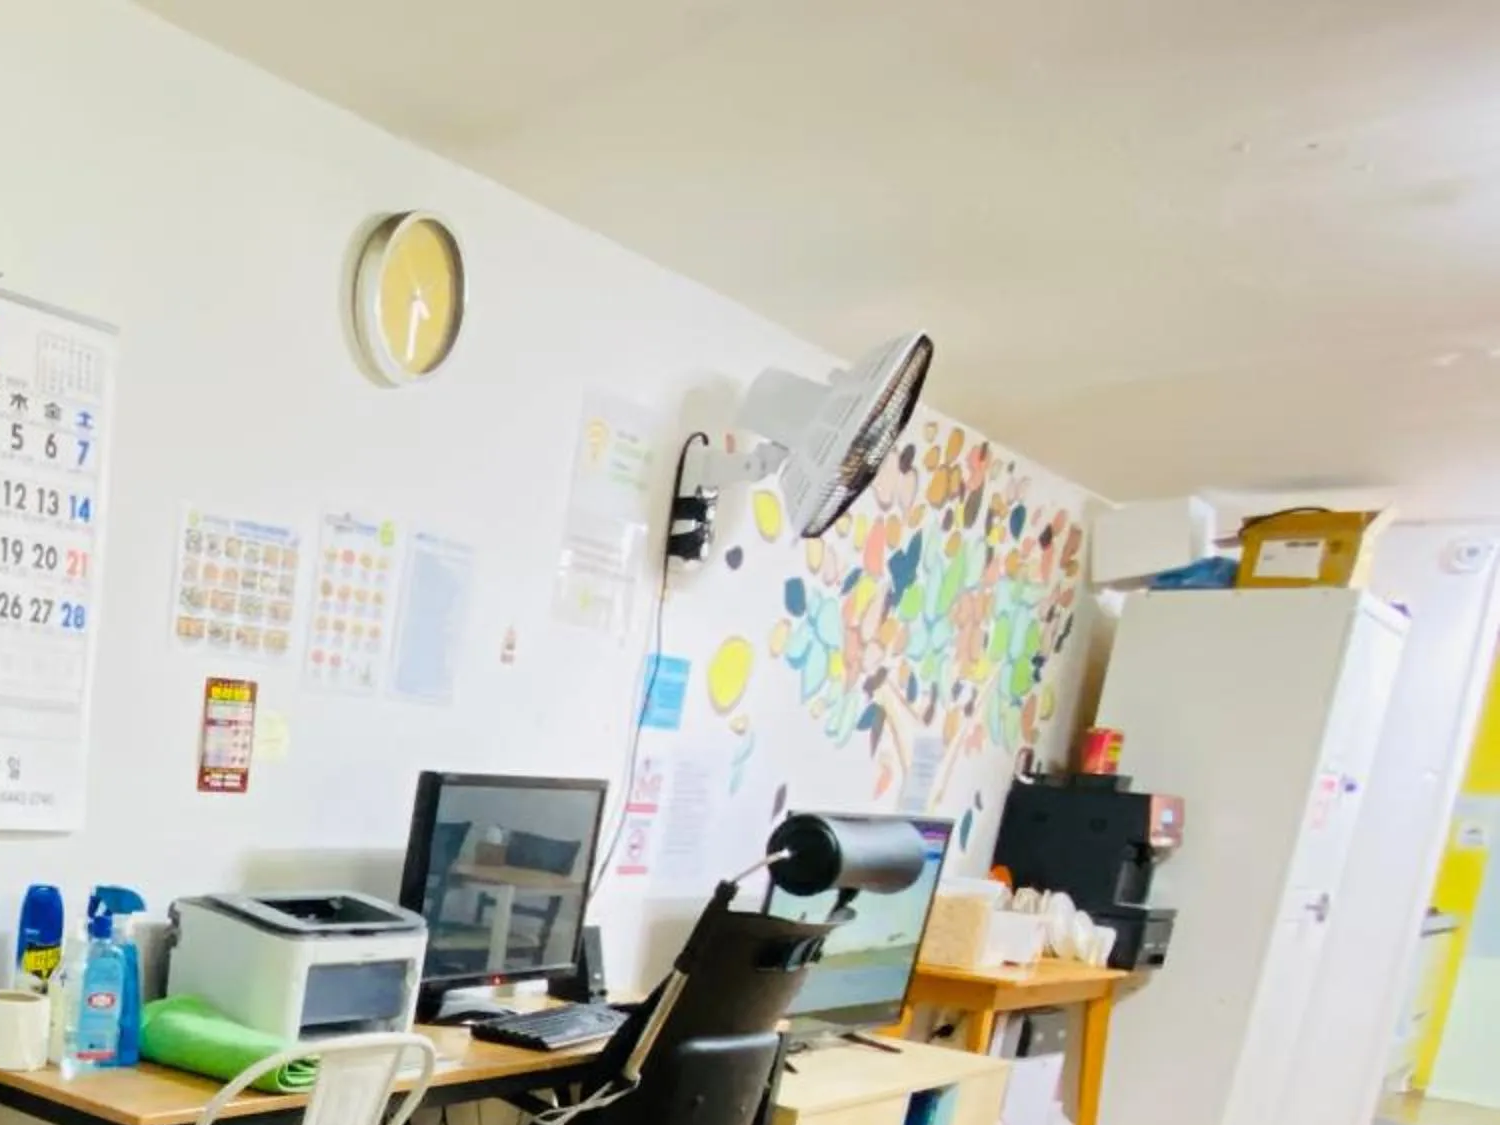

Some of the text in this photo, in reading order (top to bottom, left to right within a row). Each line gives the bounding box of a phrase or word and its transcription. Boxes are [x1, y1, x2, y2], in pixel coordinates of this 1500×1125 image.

[10, 393, 28, 411] 木
[11, 423, 24, 450] 5
[45, 433, 57, 459] 6
[77, 440, 90, 465] 7
[4, 480, 27, 510] 12
[37, 488, 59, 515] 13
[69, 495, 91, 522] 14
[0, 537, 23, 565] 19
[32, 544, 58, 570] 20
[66, 550, 88, 577] 21
[30, 599, 54, 624] 27
[60, 602, 86, 630] 28

--- --- ---

Go through the listing above and write it out again exactly, dropping the pictures.

Some of the text in this photo, in reading order (top to bottom, left to right within a row). Each line gives the bounding box of a phrase or word and its transcription. Boxes are [x1, y1, x2, y2], in pixel coordinates of this 1500×1125 image.

[10, 393, 28, 411] 木
[11, 423, 24, 450] 5
[45, 433, 57, 459] 6
[77, 440, 90, 465] 7
[4, 480, 27, 510] 12
[37, 488, 59, 515] 13
[69, 495, 91, 522] 14
[0, 537, 23, 565] 19
[32, 544, 58, 570] 20
[66, 550, 88, 577] 21
[30, 599, 54, 624] 27
[60, 602, 86, 630] 28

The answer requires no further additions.